If you previously had trouble downloading the files, and you are worried about running out of space:
1. delete all files in your "downloads" folder
1. empty your trash to make sure that memory is free
1. check available memory, you need about 40 GB (you can delete the files later)

Now download the **most recent file** (you can do this every month, for example in May, dowload the April file with '2021_04'):

In [8]:
download_file('2021_03')

Downloaded: https://www.sec.gov/files/dera/data/financial-statement-and-notes-data-sets/2021_03_notes.zip to: data/sec/downloads/2021_03


Now download **all previous files** from 2010 to 2021-2:     
(later years have larger file sizes, so the downloads will start fast and then slow down)

In [4]:
for year in [2009]:                          # Get the quarterly files for 2009
    for quarter in [2,3,4]:
        period = str(year)+'q'+str(quarter)
        download_file(period)

for year in range(2010,2020):                # Get the quarterly files 2010 - 2019
    for quarter in [1,2,3,4]:
        period = str(year)+'q'+str(quarter)
        download_file(period)
        
for year in [2020]:                          # Get the quarterly files for 2020
    for quarter in [1,2,3]:
        period = str(year)+'q'+str(quarter)
        download_file(period)        
        
for year in [2020]:                          # Get the monthly files for 2020
    for month in [10,11,12]:
        period = str(year)+'_'+str(month)
        download_file(period)
                
for year in [2021]:                          # Get the monthly files for 2021
    for month in [1,2]:
        period = str(year)+'_0'+str(month) if month<10 else str(year)+'_'+str(month)
        download_file(period)      
        
print('Download finished!')

Downloaded: https://www.sec.gov/files/dera/data/financial-statement-and-notes-data-sets/2009q2_notes.zip to: data/sec/downloads/2009q2
Downloaded: https://www.sec.gov/files/dera/data/financial-statement-and-notes-data-sets/2009q3_notes.zip to: data/sec/downloads/2009q3
Downloaded: https://www.sec.gov/files/dera/data/financial-statement-and-notes-data-sets/2009q4_notes.zip to: data/sec/downloads/2009q4
Downloaded: https://www.sec.gov/files/dera/data/financial-statement-and-notes-data-sets/2010q1_notes.zip to: data/sec/downloads/2010q1
Downloaded: https://www.sec.gov/files/dera/data/financial-statement-and-notes-data-sets/2010q2_notes.zip to: data/sec/downloads/2010q2
Downloaded: https://www.sec.gov/files/dera/data/financial-statement-and-notes-data-sets/2010q3_notes.zip to: data/sec/downloads/2010q3
Downloaded: https://www.sec.gov/files/dera/data/financial-statement-and-notes-data-sets/2010q4_notes.zip to: data/sec/downloads/2010q4
Downloaded: https://www.sec.gov/files/dera/data/financi

Now use this function to merge all the files:

In [9]:
def merge_sec_files(folder):
    
    keep_these_columns = ['cik','sic','countryinc','tag','filed','ddate','qtrs','value']
    keep_these_tags_with_segments = ['EntityCommonStockSharesOutstanding','CommonStockSharesOutstanding']
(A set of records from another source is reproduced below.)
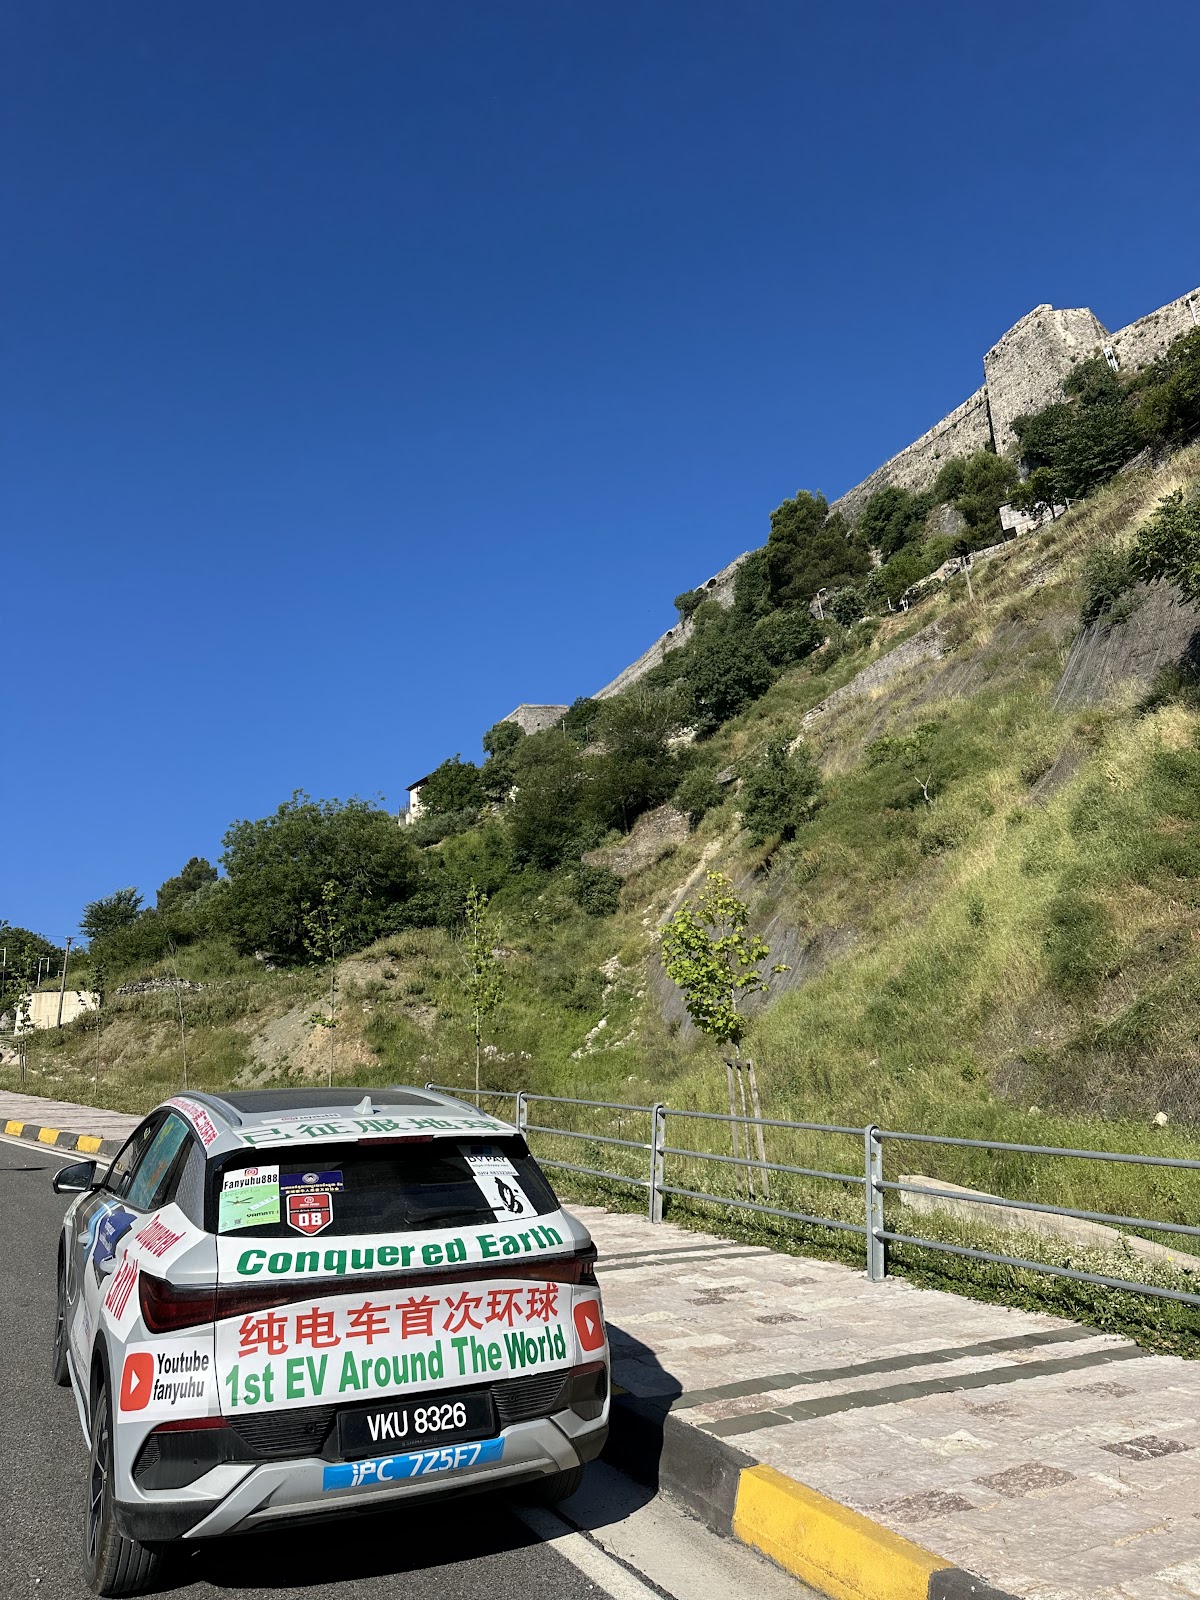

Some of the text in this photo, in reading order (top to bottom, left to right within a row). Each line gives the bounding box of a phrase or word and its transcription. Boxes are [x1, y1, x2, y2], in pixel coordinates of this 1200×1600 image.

[242, 1117, 511, 1145] 已征服地球
[224, 1174, 278, 1190] Fanyuhu888
[135, 1213, 186, 1259] Conquered
[298, 1212, 322, 1227] 08
[236, 1224, 564, 1276] Conquered Earth
[238, 1282, 560, 1359] 纯电车首次环球
[156, 1352, 210, 1376] Youtube
[224, 1324, 567, 1407] 1st EV Around The World
[152, 1377, 206, 1409] fanyuhu
[366, 1402, 467, 1441] VKU 8326
[351, 1444, 482, 1487] 沪C 7Z5F7
    filings = pd.read_table('data/sec/downloads/'+folder+'/sub.tsv')
    numbers = pd.read_table('data/sec/downloads/'+folder+'/num.tsv', encoding='ISO-8859-1', error_bad_lines=False) 
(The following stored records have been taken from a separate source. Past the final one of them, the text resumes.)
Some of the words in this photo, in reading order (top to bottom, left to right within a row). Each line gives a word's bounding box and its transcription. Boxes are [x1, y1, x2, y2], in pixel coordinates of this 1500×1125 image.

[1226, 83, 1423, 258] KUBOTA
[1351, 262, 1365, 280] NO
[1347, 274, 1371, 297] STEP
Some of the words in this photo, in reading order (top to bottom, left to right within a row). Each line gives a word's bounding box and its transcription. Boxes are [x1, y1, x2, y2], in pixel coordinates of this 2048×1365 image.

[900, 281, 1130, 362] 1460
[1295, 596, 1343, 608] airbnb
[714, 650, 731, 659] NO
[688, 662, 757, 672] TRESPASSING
    filings = filings[filings.form.isin(['10-Q','10-K']) & filings.cik.notnull()]
    numbers = numbers[(numbers.dimh=='0x00000000') | numbers.tag.isin(keep_these_tags_with_segments)]
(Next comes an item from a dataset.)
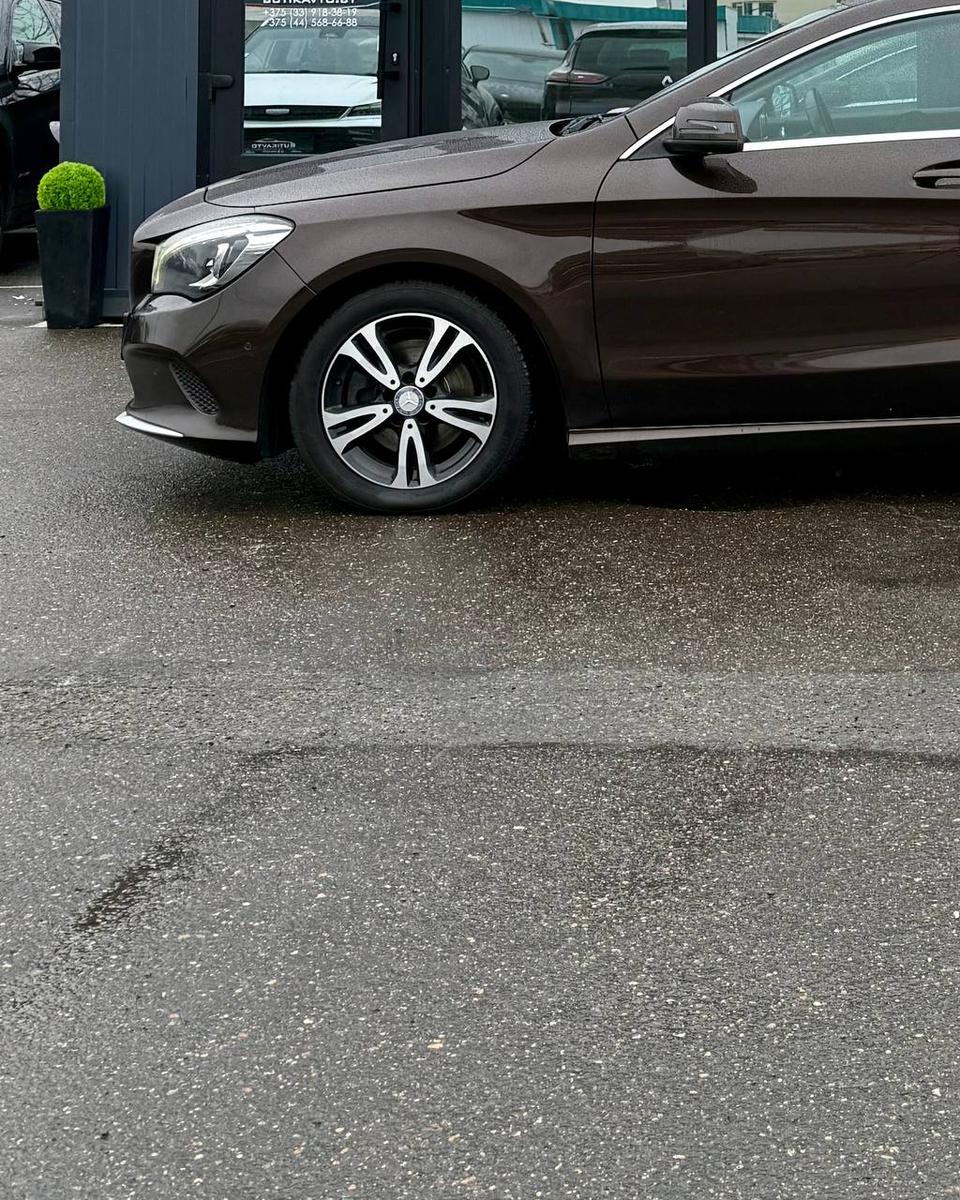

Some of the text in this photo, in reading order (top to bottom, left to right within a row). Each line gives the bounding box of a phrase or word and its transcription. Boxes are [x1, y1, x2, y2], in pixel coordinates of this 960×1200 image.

    merged = numbers.merge(filings, on='adsh', how='inner').set_index('adsh')[keep_these_columns]

    merged['filed'] = pd.to_datetime(merged.filed, format='%Y%m%d', errors='coerce')   
    merged['ddate'] = pd.to_datetime(merged.ddate, format='%Y%m%d', errors='coerce')    
    
    return merged[merged.filed.notnull() & merged.ddate.notnull()].drop_duplicates()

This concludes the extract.